Btw: Based on what is prolongation “guaranteed”? Can you elaborate or did you just want your farting to sound more impressive?

William December 1, 2016 10:11 AM

Not surprising to anyone who’s been following China’s online censorship. Unfortunately, the study doesn’t seem to cover whether messages sent from outside China to a person in China are censored. For further study: do messages sent between non-Chinese users go through servers in China, where they are presumably subject to real-time surveillance by Chinese authorities?

Fake News December 1, 2016 10:33 AM

This sounds an awful lot like what’s happening in America with so-called ‘fake news’ filtering. I’m sure companies like Facebook will be looking to WeChat for ideas in this area.

Art December 1, 2016 10:56 AM

At least now the United States/NSA has a great Social Media security model template that they adopt and use here in the United States….oh wait maybe it was the other away around?……..either way collaboration improves overall security.


Werrd Byrd December 1, 2016 10:59 AM

Facebook, Google, Twitter et al with the blessing of governments everywhere are initiating there own versions of keyword censorship.

It’s odd how the liberating force of the internet has created an equal and opposing force of censorship, domination and control by our corporate-military masters.

keiner December 1, 2016 11:26 AM


Encrypted messengers/Apple etc. with backdoors? Stuff like that…

Censorship? Wait ‘n see, it’s the way things go in all totalitarian systems to hunt opposition and minorities.
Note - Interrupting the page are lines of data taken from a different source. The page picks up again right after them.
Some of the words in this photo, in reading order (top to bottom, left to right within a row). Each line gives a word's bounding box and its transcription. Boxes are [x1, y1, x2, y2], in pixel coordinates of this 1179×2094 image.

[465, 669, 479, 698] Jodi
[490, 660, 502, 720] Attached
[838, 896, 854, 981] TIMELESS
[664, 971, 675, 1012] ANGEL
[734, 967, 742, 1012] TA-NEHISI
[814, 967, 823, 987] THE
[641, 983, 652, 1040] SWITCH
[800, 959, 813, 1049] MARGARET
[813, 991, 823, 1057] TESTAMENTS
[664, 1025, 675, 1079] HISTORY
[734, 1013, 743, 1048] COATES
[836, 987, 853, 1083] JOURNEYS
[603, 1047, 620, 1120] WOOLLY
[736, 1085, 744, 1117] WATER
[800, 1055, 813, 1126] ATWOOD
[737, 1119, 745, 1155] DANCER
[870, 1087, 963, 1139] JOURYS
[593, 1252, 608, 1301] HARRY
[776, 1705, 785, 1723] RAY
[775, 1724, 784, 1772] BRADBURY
albert December 1, 2016 2:51 PM

Blocking “…gambling and pornography…” and criticism of the State*. I can see that. This is business-as-usual for totalitarian regimes. But Falun Gong? This appears to be paranoia by certain Chinese leaders; nothing else makes sense**.
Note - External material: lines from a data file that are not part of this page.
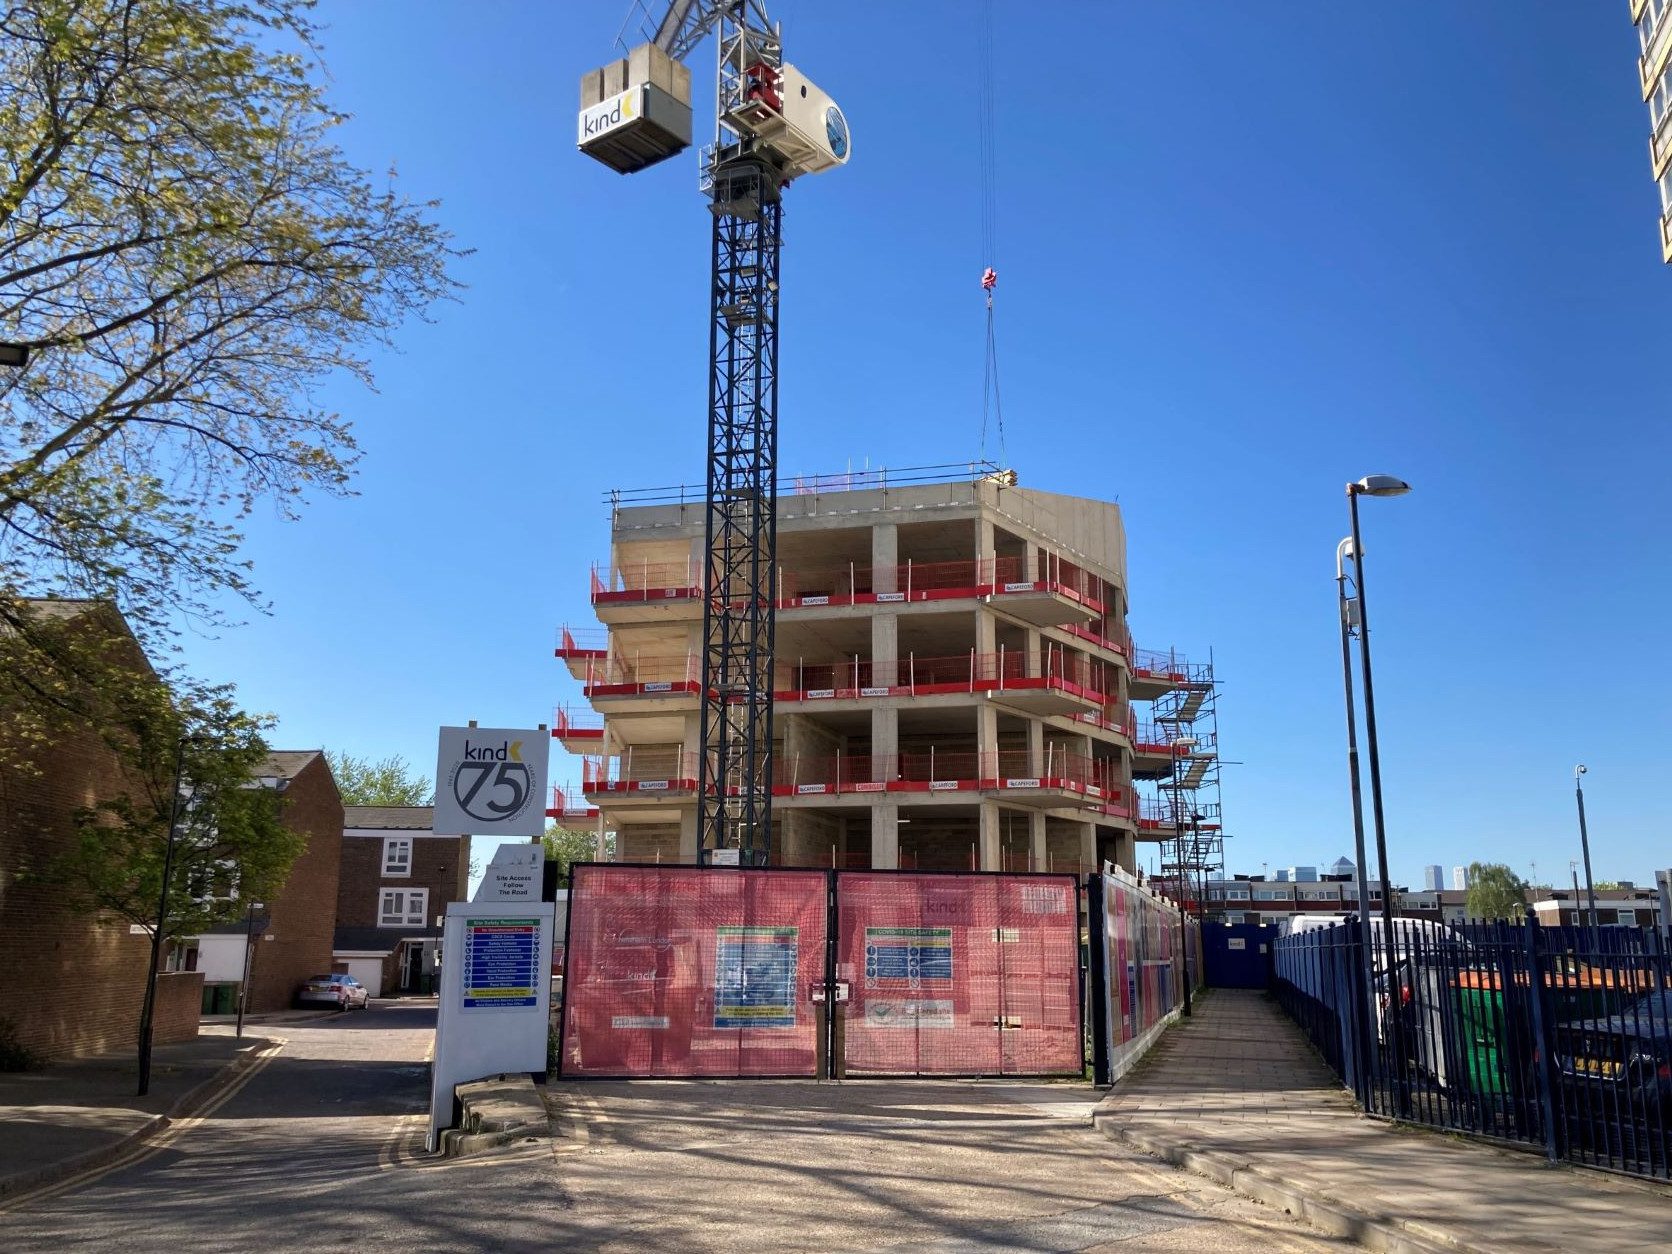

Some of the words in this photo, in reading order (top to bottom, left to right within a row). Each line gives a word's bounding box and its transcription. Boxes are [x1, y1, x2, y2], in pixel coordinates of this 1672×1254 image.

[584, 99, 621, 137] kind
[465, 740, 507, 761] kind
[457, 761, 527, 817] 75
[926, 899, 957, 913] kind
[627, 970, 651, 980] kind
Despite being crushed like a bug by the State, people still practice it. -That- should be the lesson that the State takes away from this. To make matters worse, Li Hongzhi, the spiritual leader of the movement, is now a US citizen! (

The proper reaction for China would have been to back off, -not- double down. All governments need to learn this lesson. Machismo always leads to trouble

As long as the MSM does its job, we’re OK for now. The problem is now, after the abject failure of the US MSM in the latest election fiasco, that citizens confidence levels may become dangerously low. The footnote cited* may be a reaction to that.

You don’t have to sign your posts…. unless you use a Reel E Kewl handle, like ‘Colonel Hacker’, or ‘Chick N Catch A Tory’.

*lest we forget, I must point out our very own “Russian propaganda media outlets” blacklist, courtesy of the CIAs favorite Public Relations Dept., the Washington Post.

** Organ harvesting?

P.S. (If John Phillip Sousa were alive today, he’d probably want to rename his famous march.)
. .. . .. — ….

Ted December 1, 2016 5:17 PM

The research group Ranking Digital Rights has developed a Corporate Accountability Index to evaluate the world’s major internet and telecommunications companies (ICTs) based on their policies and commitments towards freedom of expression and privacy.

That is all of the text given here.